Campaigning and research so often work hand in hand like this: the one identifying the need and the solutions; the other driving the change. Because in a world of powerful vested interests, good science alone doesn’t shift decision makers—that takes activism and campaigning—but equally, there must be a basis of evidence and reason on which to build our public advocacy.
So, I want to take a moment to think with love and appreciation for everyone who has contributed to making this possible. I’ve never met the team of scientists who authored the original Roadmap, so belatedly but sincerely, then, to Leanne Mason, Julie P. Hawkins, Elizabeth Masden, Gwilym Rowlands, Jenny Storey and Anna Swift—and to every other researcher and scientist who has been involved in demonstrating why the Global Oceans Treaty has been so badly needed over the years—thank you for your commitment and devotion.
And to everyone out there who continues to believe that evidence and truth matter, and that our magnificent, fragile world deserves our respectful curiosity and study as an expression of our awe and enchantment, thank you for your conscientiousness.
When the sciences and the humanities; democracy and ecology, are all under common and increasing attack, the efforts of independent experts and researchers matter more than ever. You have Greenpeace’s deepest gratitude. Every day, we build on the foundations of your work and dedication. Thank you.
Q & A
I have been asked several times in recent weeks what the ongoing war means for the renewable energy transition in Australia.

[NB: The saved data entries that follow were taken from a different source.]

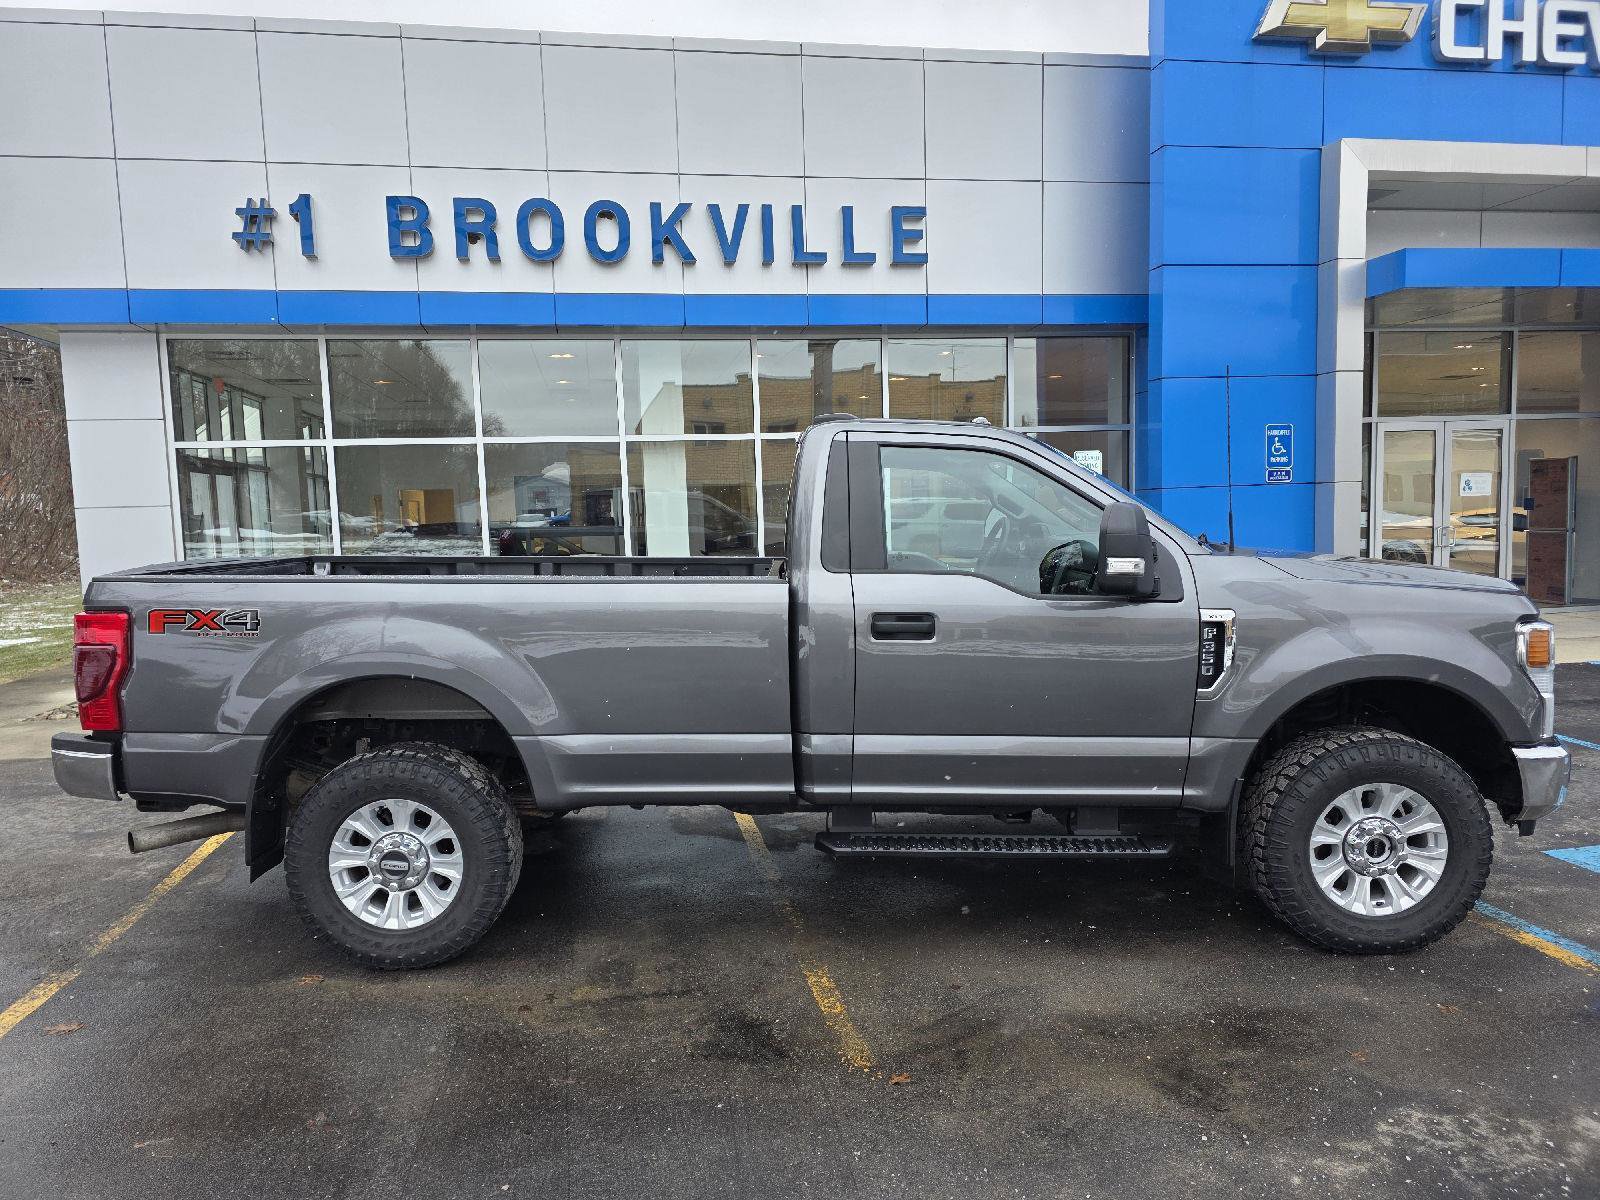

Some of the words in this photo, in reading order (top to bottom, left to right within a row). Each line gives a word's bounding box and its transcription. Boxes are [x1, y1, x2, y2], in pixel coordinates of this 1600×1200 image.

[1438, 0, 1600, 66] CHE
[232, 194, 317, 258] #1
[386, 196, 928, 265] BROOKVILLE
[147, 608, 261, 635] FX4
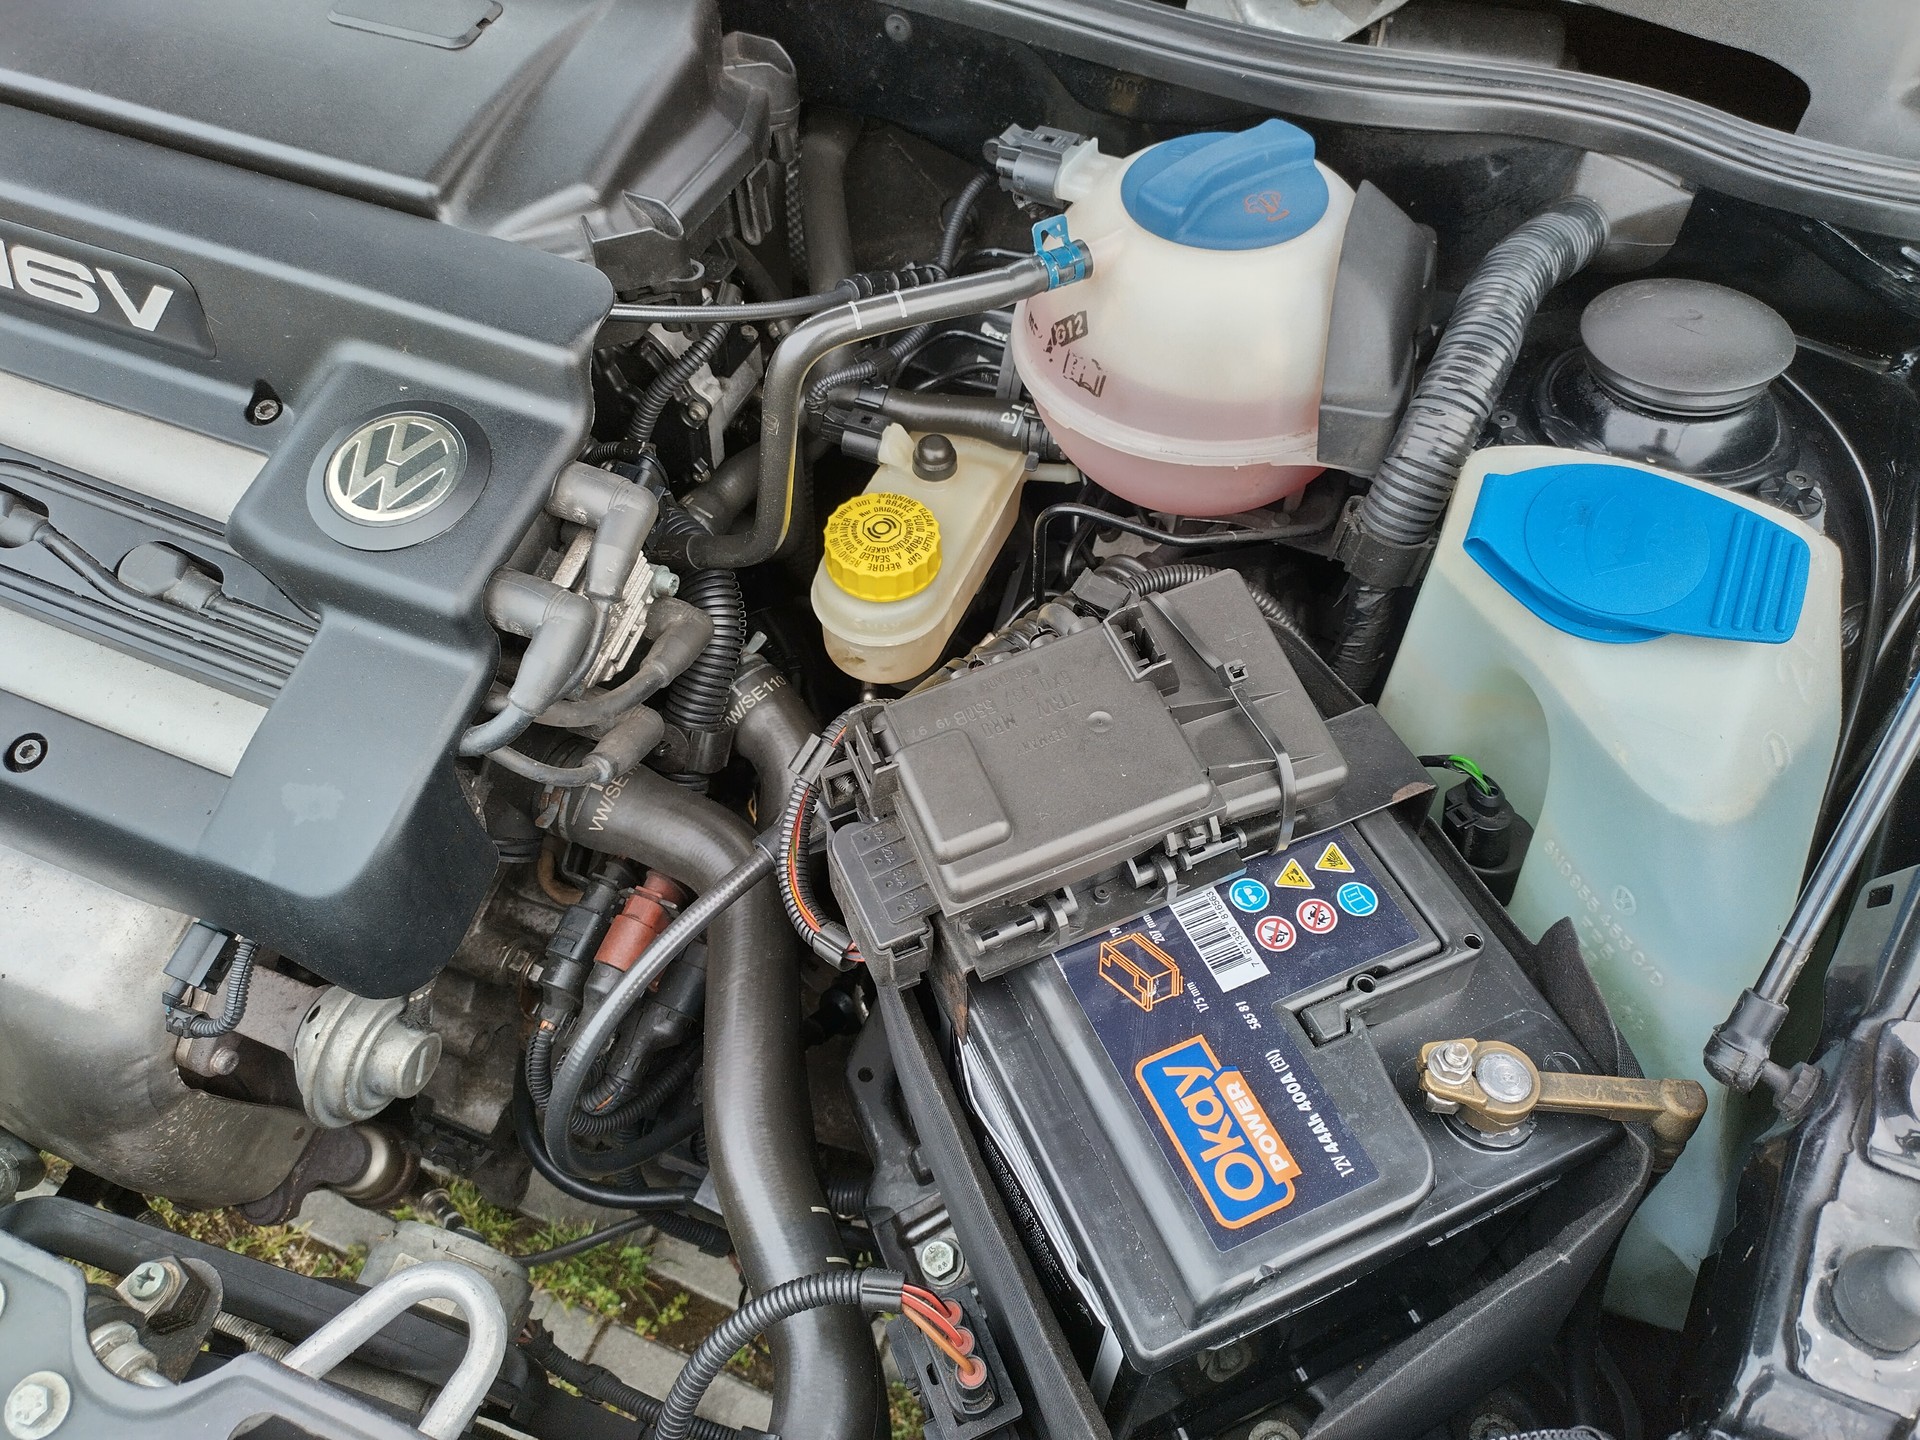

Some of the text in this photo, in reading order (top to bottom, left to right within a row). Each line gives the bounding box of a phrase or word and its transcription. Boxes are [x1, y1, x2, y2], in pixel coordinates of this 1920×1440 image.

While some corners of the fossil fuel lobby and the politicians captured by these vested interests have been very quick to use this crisis to call for more oil exploration and gas pipelines, the reality is that the current energy crisis has revealed the commonsense case for renewable energy.
As many, including climate and energy minister Chris Bowen have noted, renewable energy is affordable, inexhaustible, and sovereign—its supply cannot be blocked by warmongers or conflict. People intuitively know this; it’s why sales of electric cars have climbed to an all-time high, it’s why interest in rooftop solar and batteries has skyrocketed in recent months.
The reality is that oil and gas are to blame for much of the cost-of-living pain we’re feeling right now; fossil fuels are the disease, not the cure. If Australia were further along in our renewable energy transition and EV uptake, we would be much better insulated from petrol and gas price shocks and supply chain disruptions.
Yes, we need short-term solutions to ease the very real cost-of-living pressures that Australian communities and workers are facing as a result of fuel shortages. While replacement supplies is no doubt a valid step for now—Greenpeace is also backing taxes on the war profits of gas corporations to fund relief measures for Australians—in the long term, we will only get off the rollercoaster of fossil fuel dependency and price volatility if we break free from fossil fuels and accelerate progress towards an energy system built on 100% renewable energy, backed by storage.